Specificity of Human/Mouse/Rat Phospho-CREB (S133) DuoSet IC ELISA Shown by Peptide Competition.

A lysate prepared from HeLa human cervical epithelial carcinoma cells treated with 200 nM PMA for 20 minutes was analyzed with this DuoSet IC ELISA. The Human/Mouse/Rat Phospho-CREB (S133) DuoSet IC Detection Antibody was either untreated (no peptide) or pre-incubated with a phosphopeptide containing the CREB S133 phosphorylation site, a phosphopeptide containing the GSK-3 beta S9 phosphorylation site, a phosphopeptide containing the c-Jun S63 phosphorylation site, or a phosphopeptide containing the Raf1 S338 phosphorylation site. Peptides were used at 40 ng/mL. Only the phosphopeptide containing the CREB S133 phosphorylation site blocks the signal, indicating that the DuoSet IC ELISA is specific for CREB phosphorylation at S133.

Quantification of Phosphorylated CREB in PMA-treated Human HeLa Cells.

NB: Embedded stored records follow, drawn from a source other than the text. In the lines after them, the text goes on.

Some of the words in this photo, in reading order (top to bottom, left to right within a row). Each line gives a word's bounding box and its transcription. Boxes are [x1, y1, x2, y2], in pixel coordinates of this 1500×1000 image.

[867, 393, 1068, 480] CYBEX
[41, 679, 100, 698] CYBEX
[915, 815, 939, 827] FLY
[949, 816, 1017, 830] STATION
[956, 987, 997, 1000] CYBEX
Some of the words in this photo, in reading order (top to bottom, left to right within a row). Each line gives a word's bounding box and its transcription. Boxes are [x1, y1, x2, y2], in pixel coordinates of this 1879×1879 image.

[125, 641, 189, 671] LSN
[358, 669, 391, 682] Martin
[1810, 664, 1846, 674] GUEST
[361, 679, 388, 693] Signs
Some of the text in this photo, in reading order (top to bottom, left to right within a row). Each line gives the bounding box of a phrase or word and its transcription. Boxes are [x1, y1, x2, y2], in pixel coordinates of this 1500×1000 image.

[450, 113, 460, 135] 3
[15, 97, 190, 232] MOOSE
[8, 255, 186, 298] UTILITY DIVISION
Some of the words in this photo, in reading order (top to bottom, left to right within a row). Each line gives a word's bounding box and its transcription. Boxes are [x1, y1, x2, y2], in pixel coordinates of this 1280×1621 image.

Lysates prepared from HeLa human cervical epithelial carcinoma cells either uninduced or induced with 200 nM PMA for the indicated times were quantified with this DuoSet IC ELISA. The same lysates were also immunoblotted (inset) with either Anti-Human Phospho-CREB (S133) (Catalog # AF2510) or Anti-Human CREB (Catalog # AF2989) Polyclonal Antibodies. The DuoSet IC ELISA results correlate well with the amounts of phosphorylated CREB detected by Western blot. The immunoblot with anti-CREB antibody indicates that total levels of human CREB remained constant during incubation with PMA.The quantification of phosphorylated CREB with this DuoSet IC ELISA was also determined using cells pretreated with two concentrations of the MEK inhibitor U0126, which indirectly inhibits phosphorylation of CREB at S133.